Et les publicistes qui ne voient pas ce qu'il y a là d'illusoire, qui se croient particulièrement proches des praticiens et se tirent d'affaire avec ce raisonnement étonnamment facile et étonnamment vide : il faut des journaux locaux, il faut des journaux régionaux, il faut des journaux pour toute la Russie; ces publicistes rendent un mauvais service au travail pratique. En principe, tout cela est nécessaire évidemment, mais il faut pourtant songer aussi aux conditions du milieu et du moment, lorsqu'on s'attaque à un problème d'organisation concret. En effet, n'est-ce pas du donquichottisme de dire, comme la Svoboda (n° 1, p. 68) lorsqu'elle “traite spécialement la question du journal”:

“A notre avis, toute agglomération ouvrière un peu considérable doit avoir son journal ouvrier à elle. Son propre journal à elle, et non apporté du dehors.”

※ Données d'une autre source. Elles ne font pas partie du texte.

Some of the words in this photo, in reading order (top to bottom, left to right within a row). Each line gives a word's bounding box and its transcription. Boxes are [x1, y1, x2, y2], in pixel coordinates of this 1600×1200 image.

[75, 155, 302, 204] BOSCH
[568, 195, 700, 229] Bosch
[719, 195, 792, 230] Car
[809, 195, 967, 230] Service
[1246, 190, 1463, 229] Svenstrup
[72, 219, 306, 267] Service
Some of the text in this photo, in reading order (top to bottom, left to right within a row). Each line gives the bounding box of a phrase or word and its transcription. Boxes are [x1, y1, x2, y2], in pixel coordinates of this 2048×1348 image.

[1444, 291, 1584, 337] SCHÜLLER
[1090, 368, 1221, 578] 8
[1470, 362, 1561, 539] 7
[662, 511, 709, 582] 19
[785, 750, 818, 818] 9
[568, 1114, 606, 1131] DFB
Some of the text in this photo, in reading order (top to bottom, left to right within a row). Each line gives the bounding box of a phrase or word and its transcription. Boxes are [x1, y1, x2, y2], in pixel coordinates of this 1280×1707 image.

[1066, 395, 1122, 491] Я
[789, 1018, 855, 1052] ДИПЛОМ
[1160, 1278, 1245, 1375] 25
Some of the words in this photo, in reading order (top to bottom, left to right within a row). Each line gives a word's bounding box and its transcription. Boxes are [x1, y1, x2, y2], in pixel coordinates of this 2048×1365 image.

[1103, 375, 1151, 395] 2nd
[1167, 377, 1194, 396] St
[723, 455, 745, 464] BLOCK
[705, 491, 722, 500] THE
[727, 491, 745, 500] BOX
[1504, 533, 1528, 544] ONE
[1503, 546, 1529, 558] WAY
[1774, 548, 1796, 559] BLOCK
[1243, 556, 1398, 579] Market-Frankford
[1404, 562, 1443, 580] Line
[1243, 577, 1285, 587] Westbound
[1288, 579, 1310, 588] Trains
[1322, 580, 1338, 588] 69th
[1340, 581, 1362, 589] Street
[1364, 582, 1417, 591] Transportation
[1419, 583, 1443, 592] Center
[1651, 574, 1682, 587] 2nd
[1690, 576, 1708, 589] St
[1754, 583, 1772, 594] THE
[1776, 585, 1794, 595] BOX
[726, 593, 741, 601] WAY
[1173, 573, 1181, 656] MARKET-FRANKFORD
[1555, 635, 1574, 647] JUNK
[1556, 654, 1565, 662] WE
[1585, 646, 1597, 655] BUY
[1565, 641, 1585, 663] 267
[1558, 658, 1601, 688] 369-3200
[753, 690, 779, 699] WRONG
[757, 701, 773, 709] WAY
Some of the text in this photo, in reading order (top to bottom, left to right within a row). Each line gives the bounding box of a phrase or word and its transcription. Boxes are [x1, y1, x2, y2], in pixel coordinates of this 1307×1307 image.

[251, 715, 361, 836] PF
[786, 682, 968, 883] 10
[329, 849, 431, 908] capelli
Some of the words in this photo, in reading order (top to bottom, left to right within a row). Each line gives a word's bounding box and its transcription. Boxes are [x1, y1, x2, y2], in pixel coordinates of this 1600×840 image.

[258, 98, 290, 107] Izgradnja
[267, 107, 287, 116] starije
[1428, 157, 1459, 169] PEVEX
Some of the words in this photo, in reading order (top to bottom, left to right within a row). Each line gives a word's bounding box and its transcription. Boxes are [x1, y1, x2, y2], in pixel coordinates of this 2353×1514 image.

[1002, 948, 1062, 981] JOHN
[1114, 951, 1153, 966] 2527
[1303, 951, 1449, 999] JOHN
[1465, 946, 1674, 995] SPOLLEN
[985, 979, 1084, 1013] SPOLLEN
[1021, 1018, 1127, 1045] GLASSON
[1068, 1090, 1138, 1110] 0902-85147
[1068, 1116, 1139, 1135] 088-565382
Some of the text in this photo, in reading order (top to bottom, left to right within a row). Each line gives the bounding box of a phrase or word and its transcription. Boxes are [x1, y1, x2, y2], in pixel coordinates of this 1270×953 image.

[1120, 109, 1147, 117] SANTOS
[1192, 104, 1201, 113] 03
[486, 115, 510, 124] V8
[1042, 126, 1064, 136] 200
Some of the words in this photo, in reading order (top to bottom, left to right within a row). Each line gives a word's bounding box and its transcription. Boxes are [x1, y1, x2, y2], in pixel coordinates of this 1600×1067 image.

Si ce publiciste ne veut pas réfléchir au sens de ses paroles au moins réfléchissez-y pour lui, lecteur : combien y a-t-il en Russie de dizaines, sinon de centaines “d'agglomérations ouvrières un peu considérables” et quelle perpétuation de nos méthodes artisanales ce serait, si toute organisation locale se mettait réellement à éditer son propre journal ! Comme ce morcellement faciliterait la tâche à la gendarmerie : cueillir – sans un effort “un peu considérable”, - les militants locaux dès le début de leur activité, avant qu'ils aient eu le temps de devenir de vrais révolutionnaires ! Dans un journal pour toute la Russie, continue l'auteur, les machinations des fabricants et “les menus faits de la vie d'usine dans diverses villes autres que celle du lecteur”, ne seraient pas du tout intéressants, mais “l'habitant d'Orel ne ressentira aucun ennui à lire ce qui se passe à Orel. Il connaît chaque fois ceux qu'on “attrape”, ceux qu'on “entreprend”, et son esprit travaille” (p. 69). Oui, certes, l'esprit de l'habitant d'Orel travaille, mais l'imagination de notre publiciste aussi “travaille” trop. Est-il opportun de défendre ainsi une pareille mesquinerie ? C'est à quoi il ferait bien de réfléchir. Certes, les révélations sur la vie des usines sont nécessaires et importantes, nous le reconnaissons mieux que personne, mais il faut se souvenir que nous en sommes arrivés à une situation où les pétersbourgeois en ont assez de lire la correspondance pétersbourgeoise du journal pétersbourgeois Rabotchaïa Mysl. Pour les révélations d'usines, nous avons toujours eu et devrons toujours avoir des feuilles volantes sur place, - mais en ce qui concerne le type de notre journal - nous devons l'élever et non le rabaisser au niveau d'une feuille d'usine. Quand il s'agit d'un “journal”, il nous faut révéler non pas tant les “menus faits” que les vices essentiels, particuliers à la vie d'usine, révélations portant sur des exemples saillants et susceptibles par conséquent d'intéresser tous les ouvriers et tous les dirigeants du mouvement, d'enrichir véritablement leurs connaissances, d'élargir leur horizon, d'éveiller à la vie une nouvelle région, une nouvelle catégorie professionnelle d'ouvriers.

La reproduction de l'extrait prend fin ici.